I recently rented a new flat (on the condition that the landlord would provide a letter to say my husband could move in), and the landlord agreed.

Now that I've paid 6 months rent upfront, (had to because I am a contractor working on short 3 month contracts). The landlord is now refusing to write a letter or sign one that I have typed up and sent to him. Instead he wants me to use an email he sent me (see text below).

How much will this ruin everything? Is there no point in applying if I dont have a proper letter from him? I have my tenancy agreement but that is all. Is there any way that I can I submit this printed email as evidence? 



"To whom this may concern
Please be advised that I have let <Address> on a one year assured short hold contract! (renewable).
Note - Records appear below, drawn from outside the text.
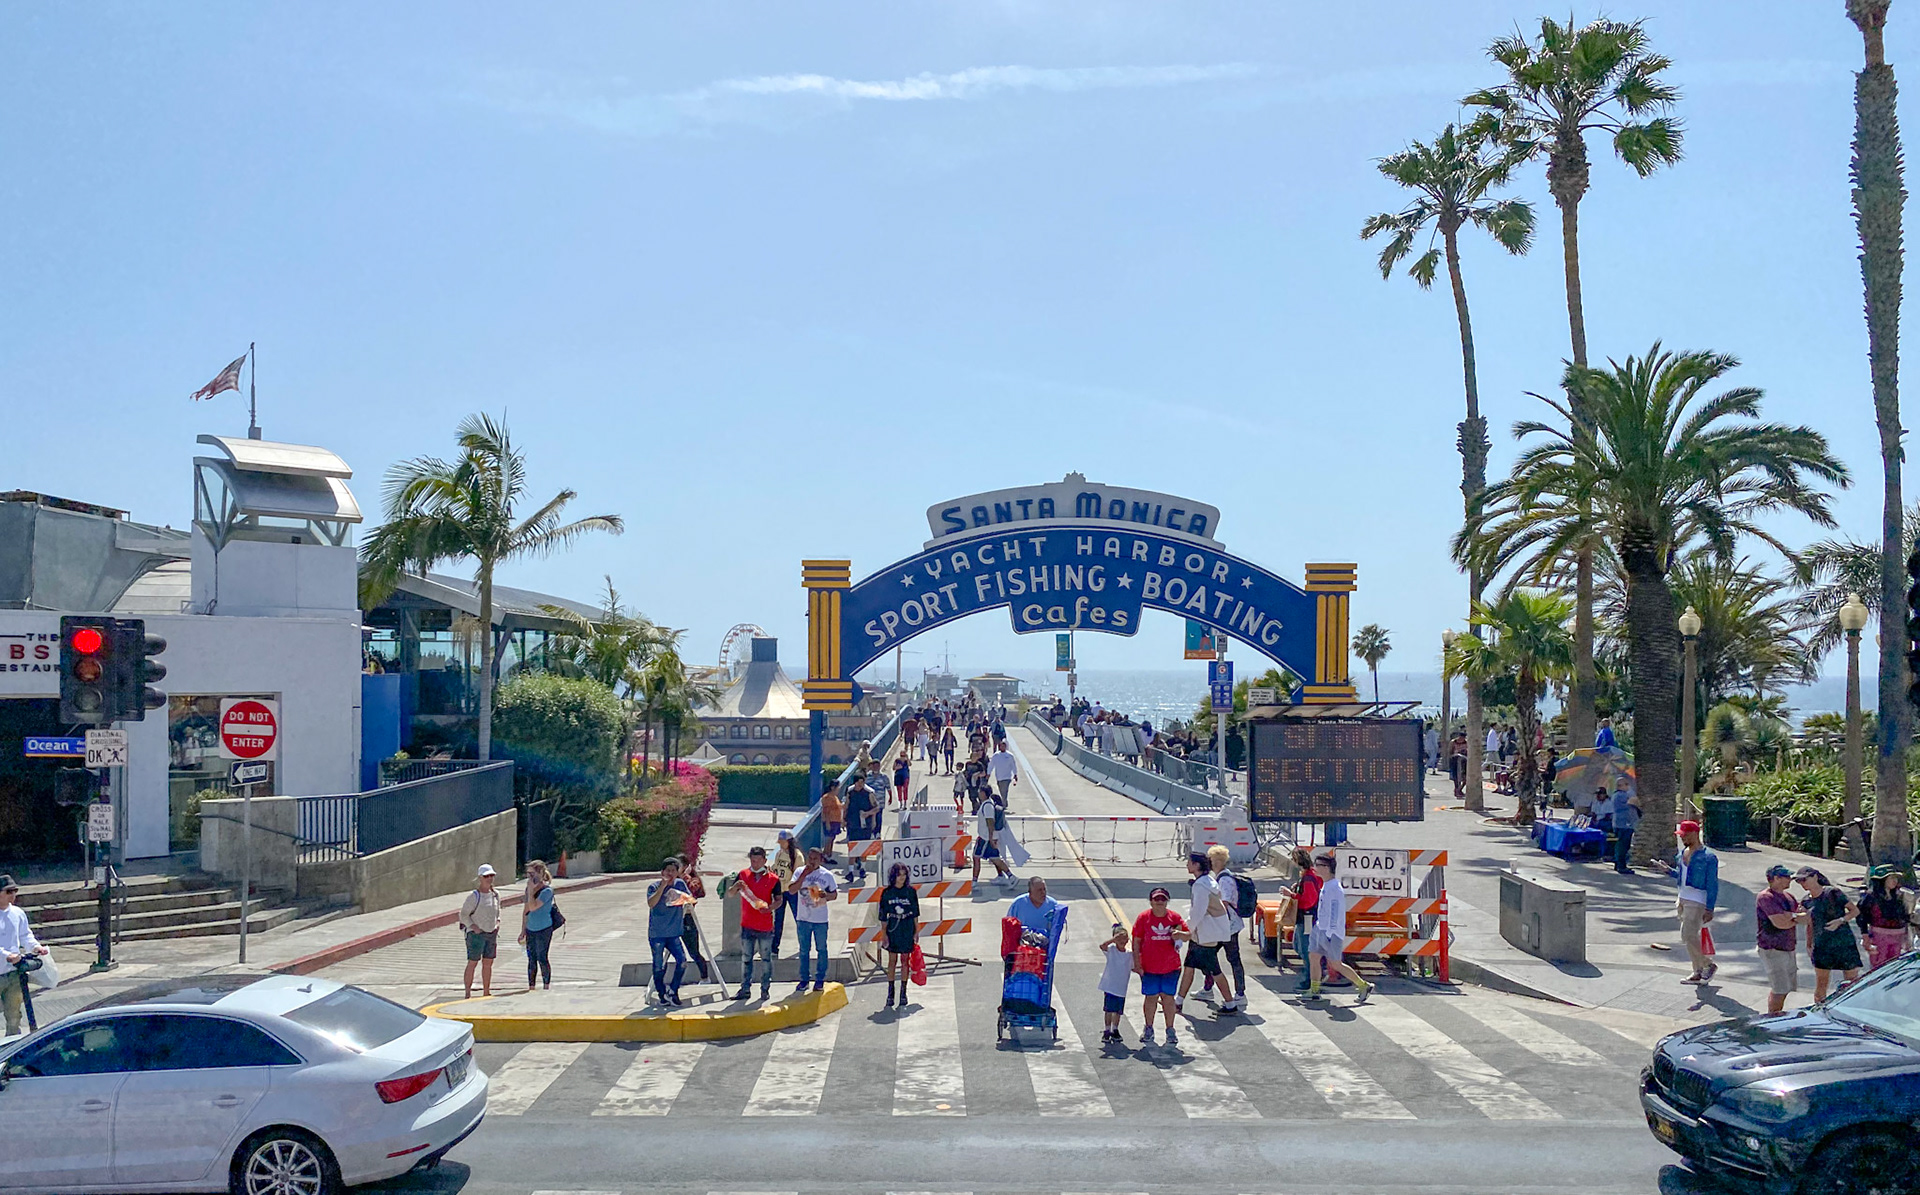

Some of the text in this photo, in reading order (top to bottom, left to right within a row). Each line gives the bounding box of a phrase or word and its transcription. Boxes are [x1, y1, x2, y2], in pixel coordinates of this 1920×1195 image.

[941, 491, 1208, 537] SANTA MONICA
[924, 536, 1229, 584] YACHT HARBOR
[864, 564, 1283, 648] SPORT FISHING BOATING
[1022, 596, 1128, 629] cafes
[26, 633, 58, 641] THE
[229, 711, 270, 722] DO NOT
[28, 739, 69, 751] Ocean
[232, 737, 265, 748] ENTER
[88, 749, 103, 763] OK
[243, 766, 264, 777] ONE WAY
[1257, 758, 1414, 783] SECTION
[893, 845, 931, 860] ROAD
[1348, 855, 1395, 870] ROAD
[908, 863, 938, 878] SED
[1341, 877, 1403, 891] CLOSED
To <my name> from 28/2/16. This is a fully self contained one bedroom flat in a residential house. She informs me she wishes to be joined and reside with her husband <his name spelt incorrectly> in the near future where they will live at the same address as a couple I have no objections as long as they both adhere to tenancy agreement.

Regards!

<Landlord's name>"


----------



## nyclon (Apr 3, 2011)

You really need an original signed letter.


----------



## JJUmbego (Sep 25, 2015)

Thanks Nylon

I'm still trying to see if I can. If I can't, do you think an official (headed paper, signed) letter on the landlord's behalf from the estate agent would work?


----------



## andrie (Jun 19, 2014)

The problem with the estate agents is that they will contact your landlord first before they write the letter. I had the same problem with my landlord until he went for his holiday for a month. Went to the estate agent and they said they can't write me a letter without the landlord agreeing to it,so I was told to wait till he comes back as they were failing to get hold of him. I was pissed and then we submitted without the letter. My fiancee got her visa this week.
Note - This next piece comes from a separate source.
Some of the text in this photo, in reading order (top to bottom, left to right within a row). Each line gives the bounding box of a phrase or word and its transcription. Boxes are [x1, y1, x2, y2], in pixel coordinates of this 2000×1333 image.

This was just by luck, so make sure you push your landlord.


----------



## skyf (Mar 26, 2015)

Your Tenancy Agreement should stipulate several things i.e type and size of accomodation and there should be a clause which " indicates who can live at the address, any changes to residents should comply with statutory regulations and Notify the Landlord or Agent when changes occur"


----------



## JJUmbego (Sep 25, 2015)

Thanks guys.

I'm hoping my landlord will agree for the estate agents to act on his behalf as he doesn't have any issue with my husband living there. I think he just cant be bothered to do a letter. 
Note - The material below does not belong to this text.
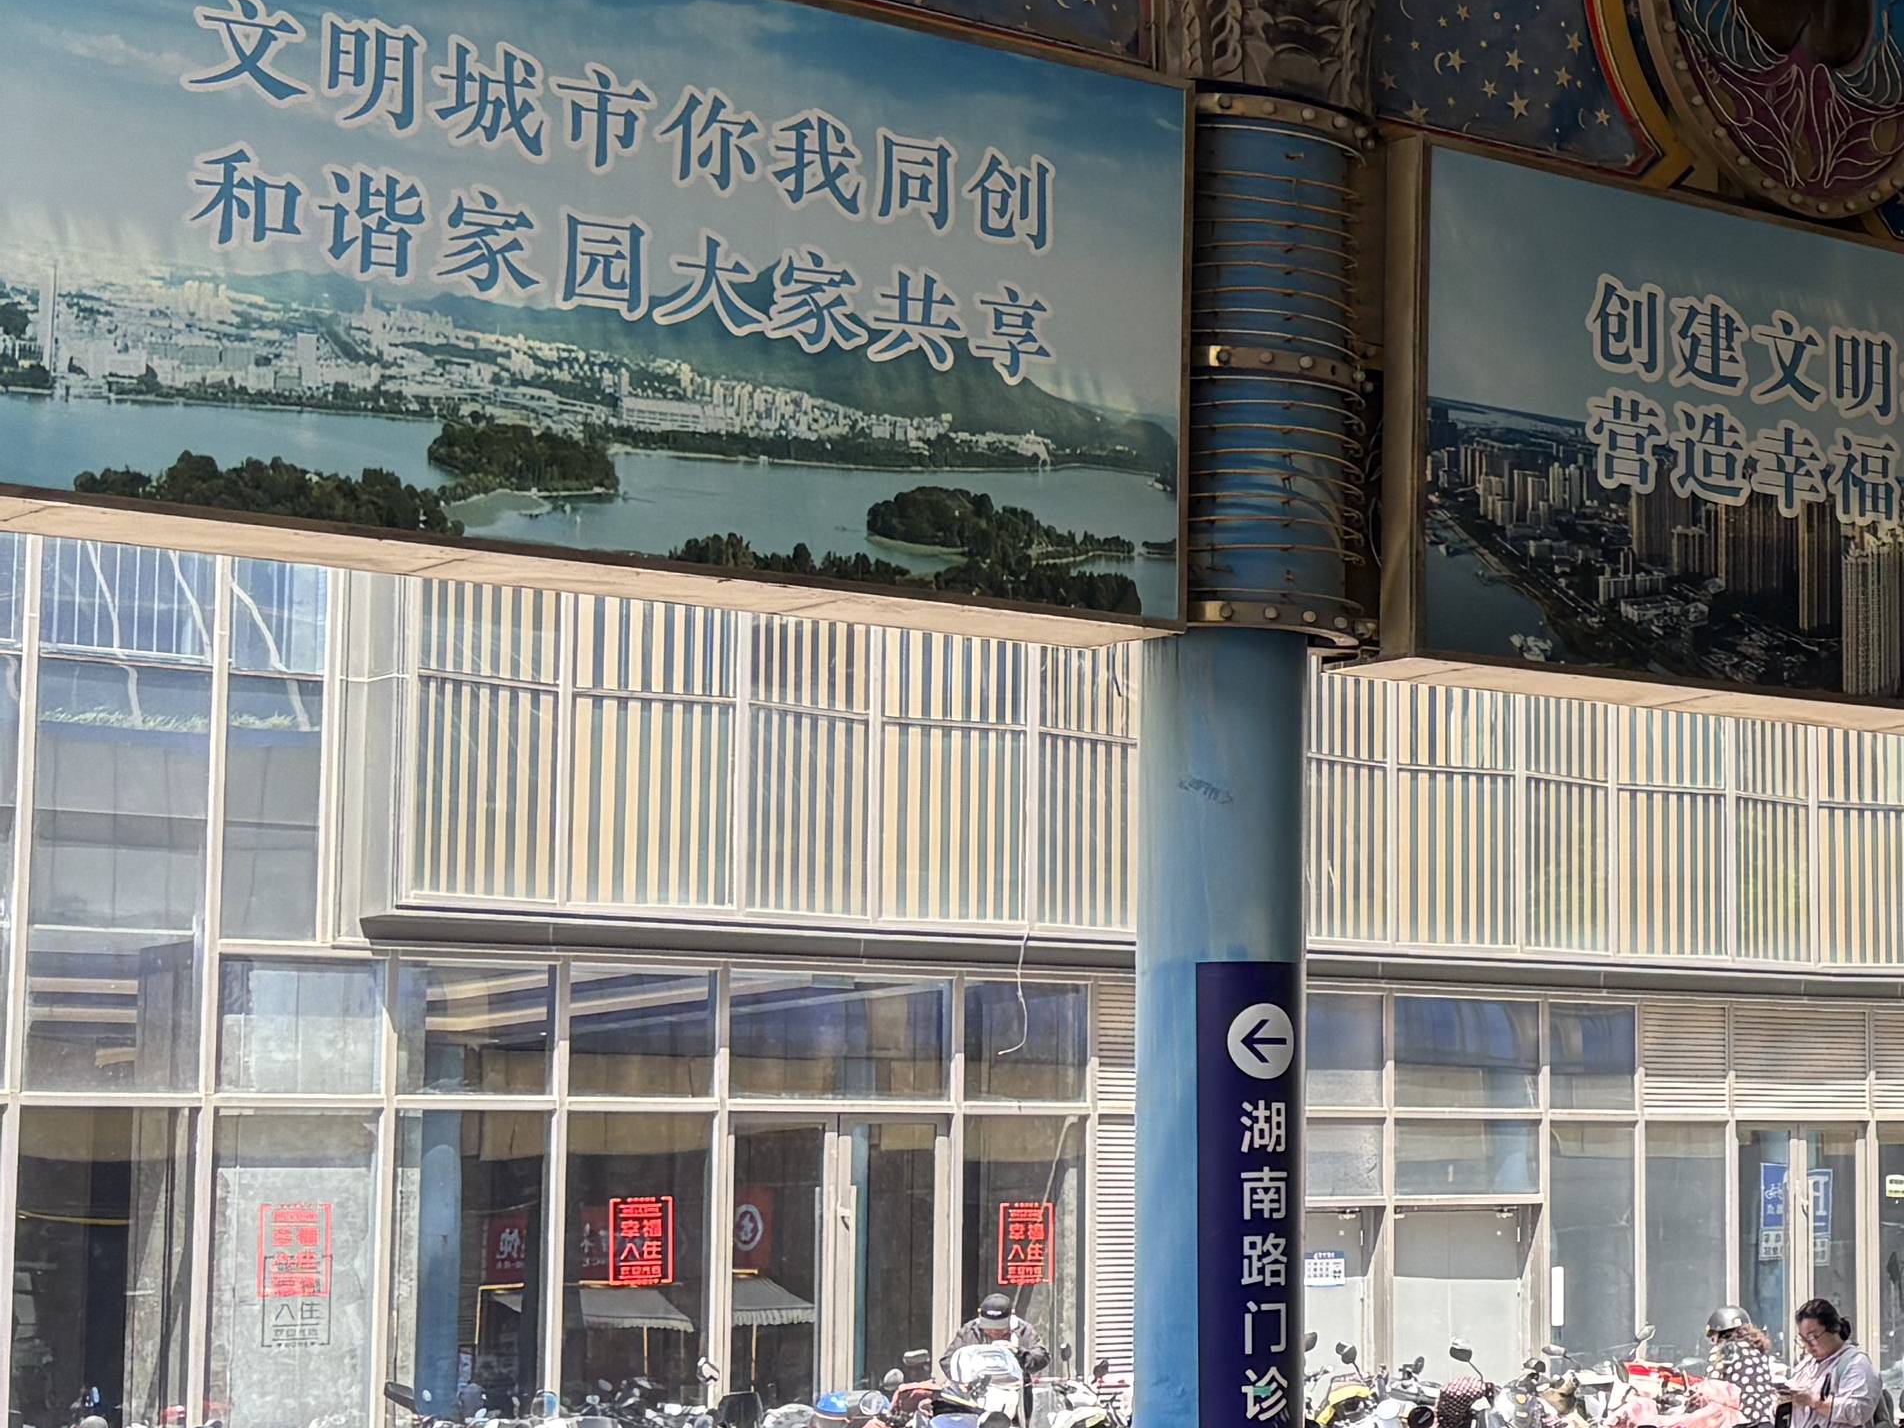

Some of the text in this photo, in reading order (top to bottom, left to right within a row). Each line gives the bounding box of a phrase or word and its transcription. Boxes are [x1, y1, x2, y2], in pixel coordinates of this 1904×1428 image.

[192, 146, 1054, 383] 和谐家园大家共享
[1240, 1100, 1288, 1422] 湖南路门诊
Well done on your visa news Andrie it's given me hope! 

Skyf - if i have a clause like this, does that mean that my husband can move in as long as I notify my landlord? Will that wash with the visa application assessment? 

Thanks


----------



## skyf (Mar 26, 2015)

JJUmbego said:


> Thanks guys.
> 
> I'm hoping my landlord will agree for the estate agents to act on his behalf as he doesn't have any issue with my husband living there. I think he just cant be bothered to do a letter.
> 
> ...


The clause will make it clear and the Visa Office will accept as a Legal entity.


----------